As for the visit to Green Bay to see Anderson, Myers said, “I absolutely knew there was a chance (I’d be back). It was super exciting for me and my family to go up there and even to see Lambeau Field and to be around Green Bay. We talked about how incredible it would be if I ever got the chance to play there. And here we are.”

Myers’ draft classmate, Rodgers, had similar hopes. Well acquainted with the Packers, Rodgers’ favorite wide receiver in the NFL is his new teammate, Davante Adams. And Rodgers’ mentor growing up was ex-Packers wide receiver Randall Cobb, who was coached at Kentucky by Rodgers’ father, Tee Martin.

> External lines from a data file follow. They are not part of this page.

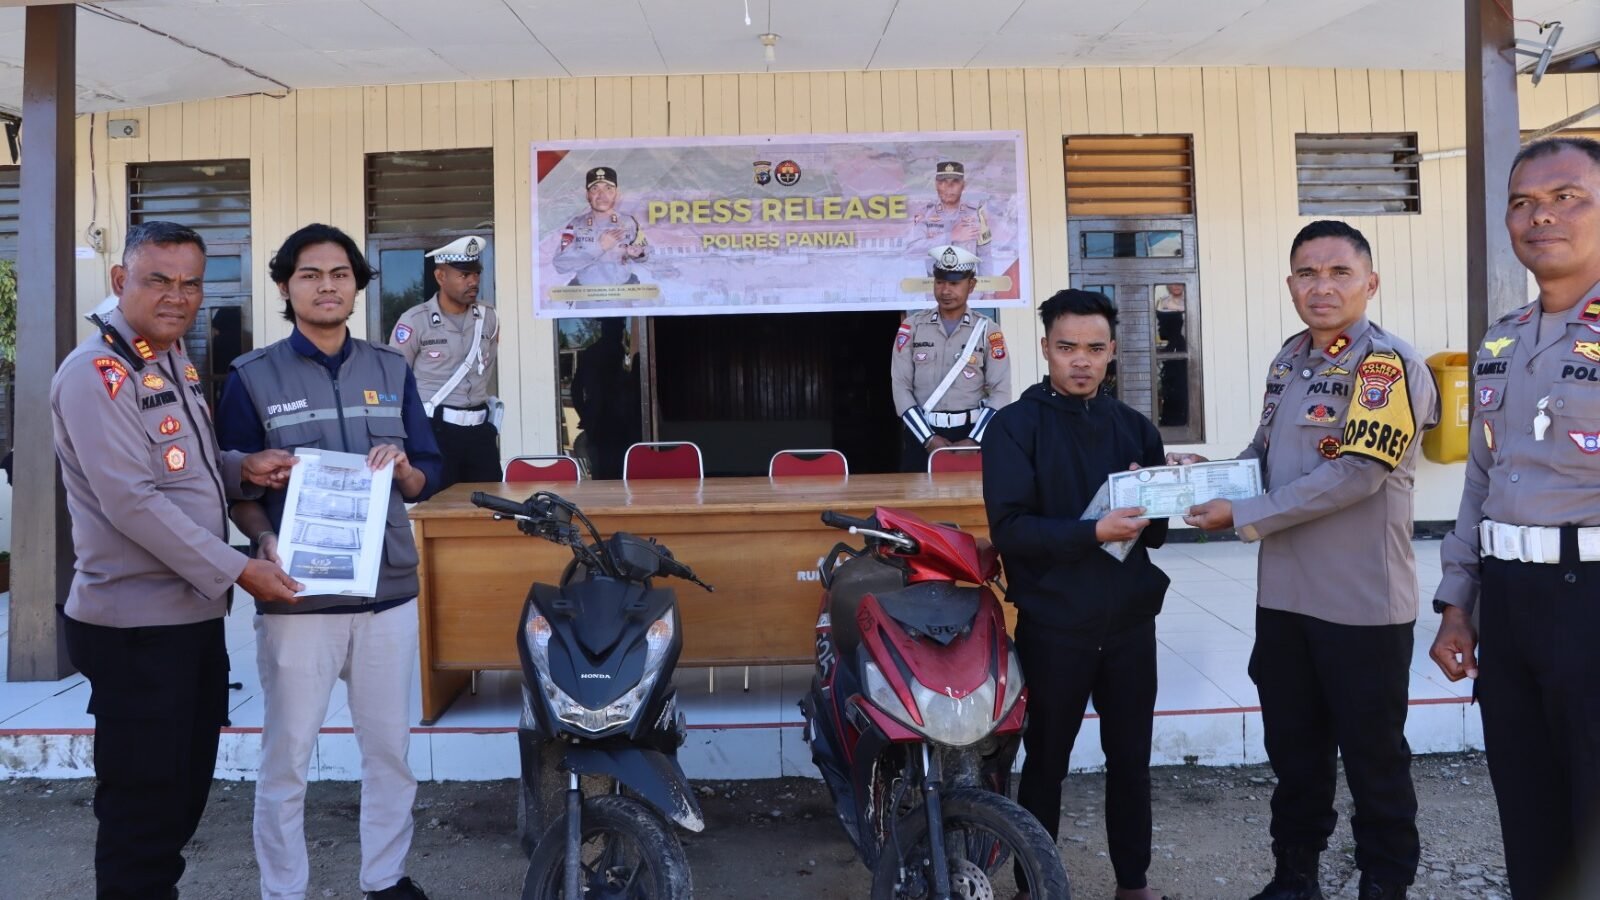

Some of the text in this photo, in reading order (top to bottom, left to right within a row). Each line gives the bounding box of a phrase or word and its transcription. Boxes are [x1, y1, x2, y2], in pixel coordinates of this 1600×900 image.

[648, 195, 908, 225] PRESS RELEASE
[703, 231, 856, 248] POLRES PANIAI
[1362, 362, 1397, 375] POLRES
[1561, 364, 1600, 382] POL
[1306, 381, 1349, 396] POLRI
[378, 393, 398, 402] PLN
[267, 398, 309, 415] UP3 NABIRE
[1342, 419, 1409, 461] OPSRES

Martin is now the Baltimore Ravens’ receivers coach but was Kentucky’s receivers coach in 2010, Cobb’s final season in Lexington before the Packers picked him in the second round of the 2011 NFL Draft.

“He’s like a big brother to me,” Rodgers said of Cobb. “My whole middle school career, my whole high school career, he’s always been in my corner giving me tips on the game and stuff like that. Just being that my dad was able to coach him in college and I’ve been able to stick around and be able to have him as a mentor, that’s really why I’m so familiar with his game.”

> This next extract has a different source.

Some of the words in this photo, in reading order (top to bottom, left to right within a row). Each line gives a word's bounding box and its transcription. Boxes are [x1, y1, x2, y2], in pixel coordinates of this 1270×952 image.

Rodgers said he’s also aware of the drama unfolding with the three-time NFL MVP quarterback who shares his last name, with Aaron Rodgers’ unhappiness with the Packers organization having come to light publicly on Thursday. His issues with the team have led him to vow not to play for the Packers ever again, according to one league source.

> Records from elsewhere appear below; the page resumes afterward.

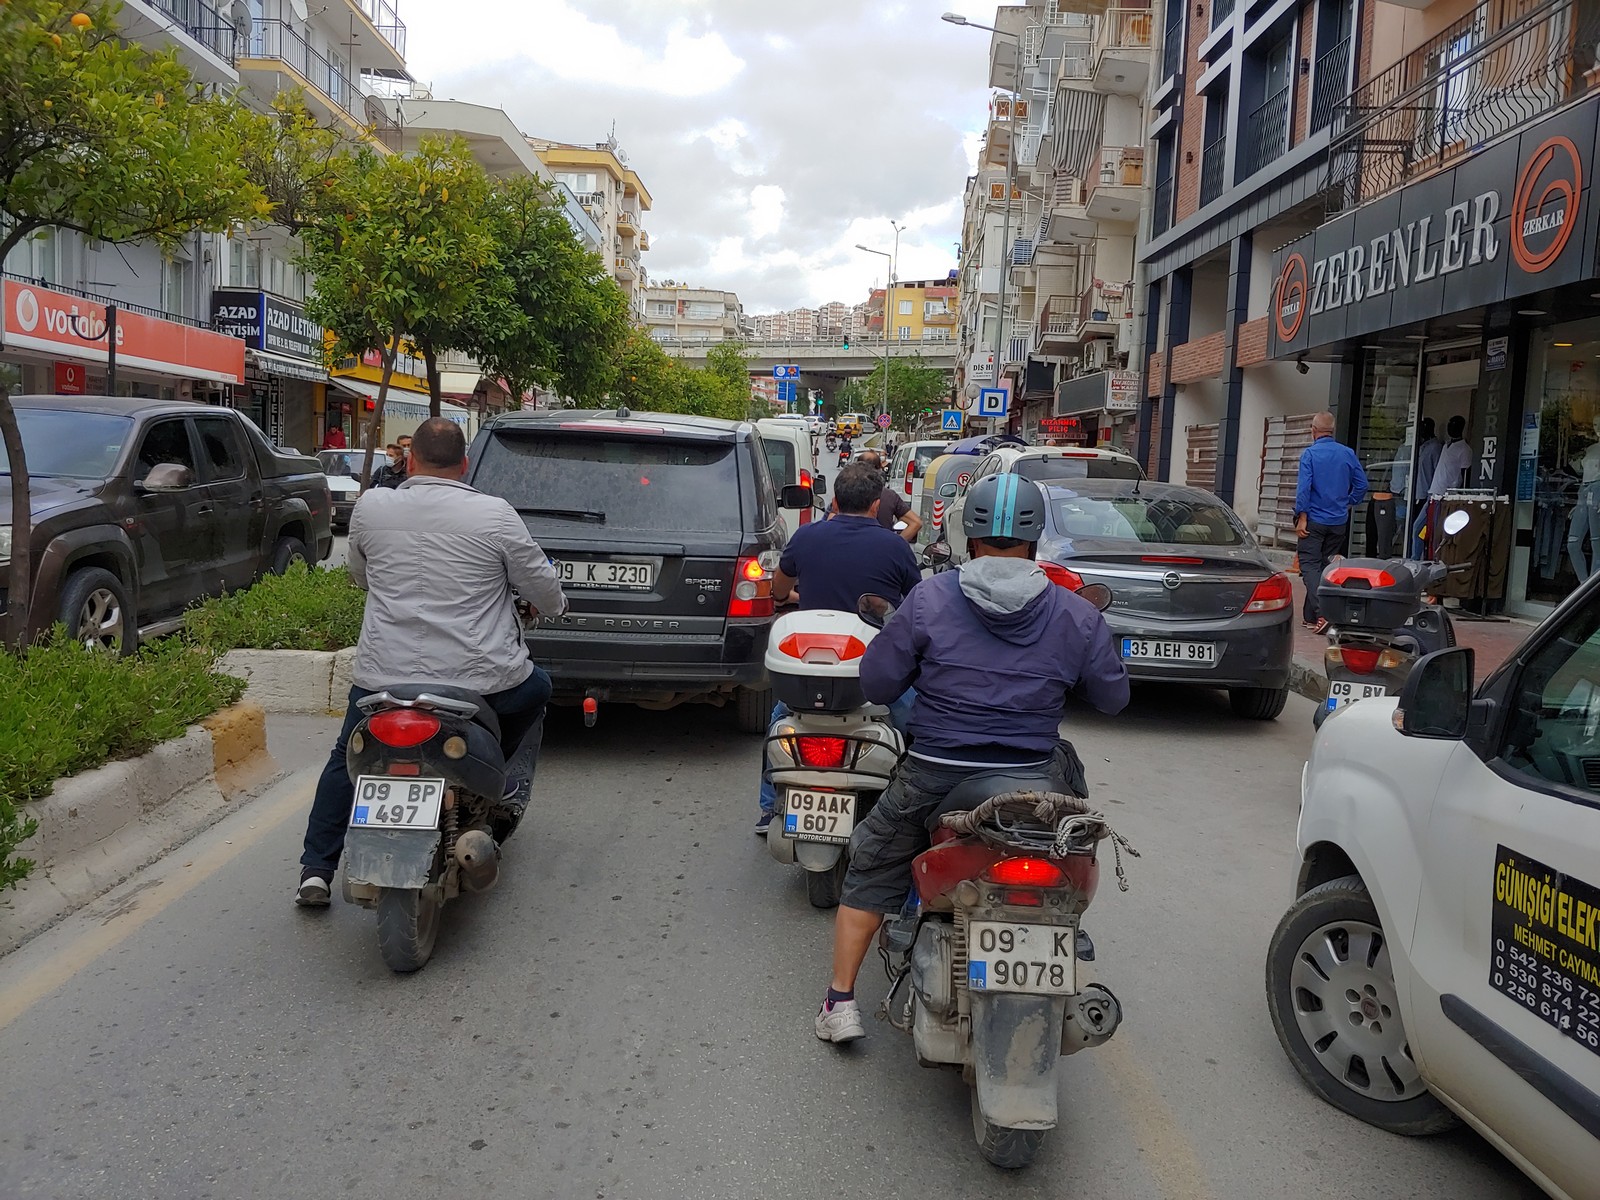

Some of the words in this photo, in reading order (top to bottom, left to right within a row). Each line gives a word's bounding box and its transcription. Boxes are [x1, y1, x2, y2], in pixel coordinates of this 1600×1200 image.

[1522, 209, 1564, 238] ZERKAR
[1310, 189, 1502, 316] ZERENLER
[219, 306, 257, 319] AZAD
[267, 307, 290, 332] AZAD
[44, 304, 124, 346] vodafoe
[988, 397, 999, 408] D
[587, 563, 596, 582] K
[607, 565, 648, 584] 3230
[605, 619, 680, 629] ROVER
[1131, 642, 1148, 656] 35
[1154, 643, 1180, 658] AEH
[1188, 644, 1213, 660] 981
[1332, 683, 1351, 696] 09
[1363, 685, 1383, 698] BV
[363, 782, 391, 801] 09
[407, 783, 436, 803] BP
[791, 793, 814, 811] 09
[817, 795, 851, 815] AAK
[376, 804, 419, 824] 497
[787, 824, 796, 832] TR
[803, 813, 838, 833] 607
[980, 928, 1014, 953] 09
[1053, 932, 1069, 957] K
[1514, 923, 1557, 962] MEHMET
[1559, 948, 1600, 987] CAYMA
[971, 978, 984, 988] TR
[994, 960, 1065, 988] 9078
[1496, 938, 1505, 952] 0
[1509, 945, 1538, 973] 542
[1542, 965, 1573, 992] 236
[1578, 984, 1600, 1010] 72
[1496, 955, 1505, 970] 0
[1509, 963, 1537, 989] 530
[1542, 982, 1573, 1010] 874
[1577, 1004, 1600, 1029] 22
[1494, 972, 1503, 986] 0
[1507, 980, 1536, 1007] 256
[1540, 1001, 1571, 1030] 614
[1576, 1022, 1599, 1047] 56

“Of course I want to catch passes from the reigning MVP and a future Hall of Famer,” Amari Rodgers said. “Of course, that’s pretty cool that we have the same last name. He’s an amazing quarterback. I’ve been watching him my whole life. It’s actually amazing and surreal that I get the opportunity to play with a quarterback like him.”

Gutekunst said his decision at No. 62 actually came down to whether to draft Myers or draft Rodgers, and as soon as he decided on Myers, Gutekunst said he turned to his personnel lieutenants and told them he wanted to trade back up to get Rodgers. Some of his scouts had left the room to get a bite to eat and had to be called back in to start working the phones.

“After the pick, we targeted an area in the third round we thought we could get (Rodgers) at the price I wanted to pay. We had four or five trades we thought were going to happen that didn’t,” Gutekunst explained. “It was important that we acquired the players. You never want to overpay too much, but we were really excited to get Amari.

“He fills so many holes for us … I just think he’s built for us, built for up here in Green Bay. We were really glad to add him to the roster.”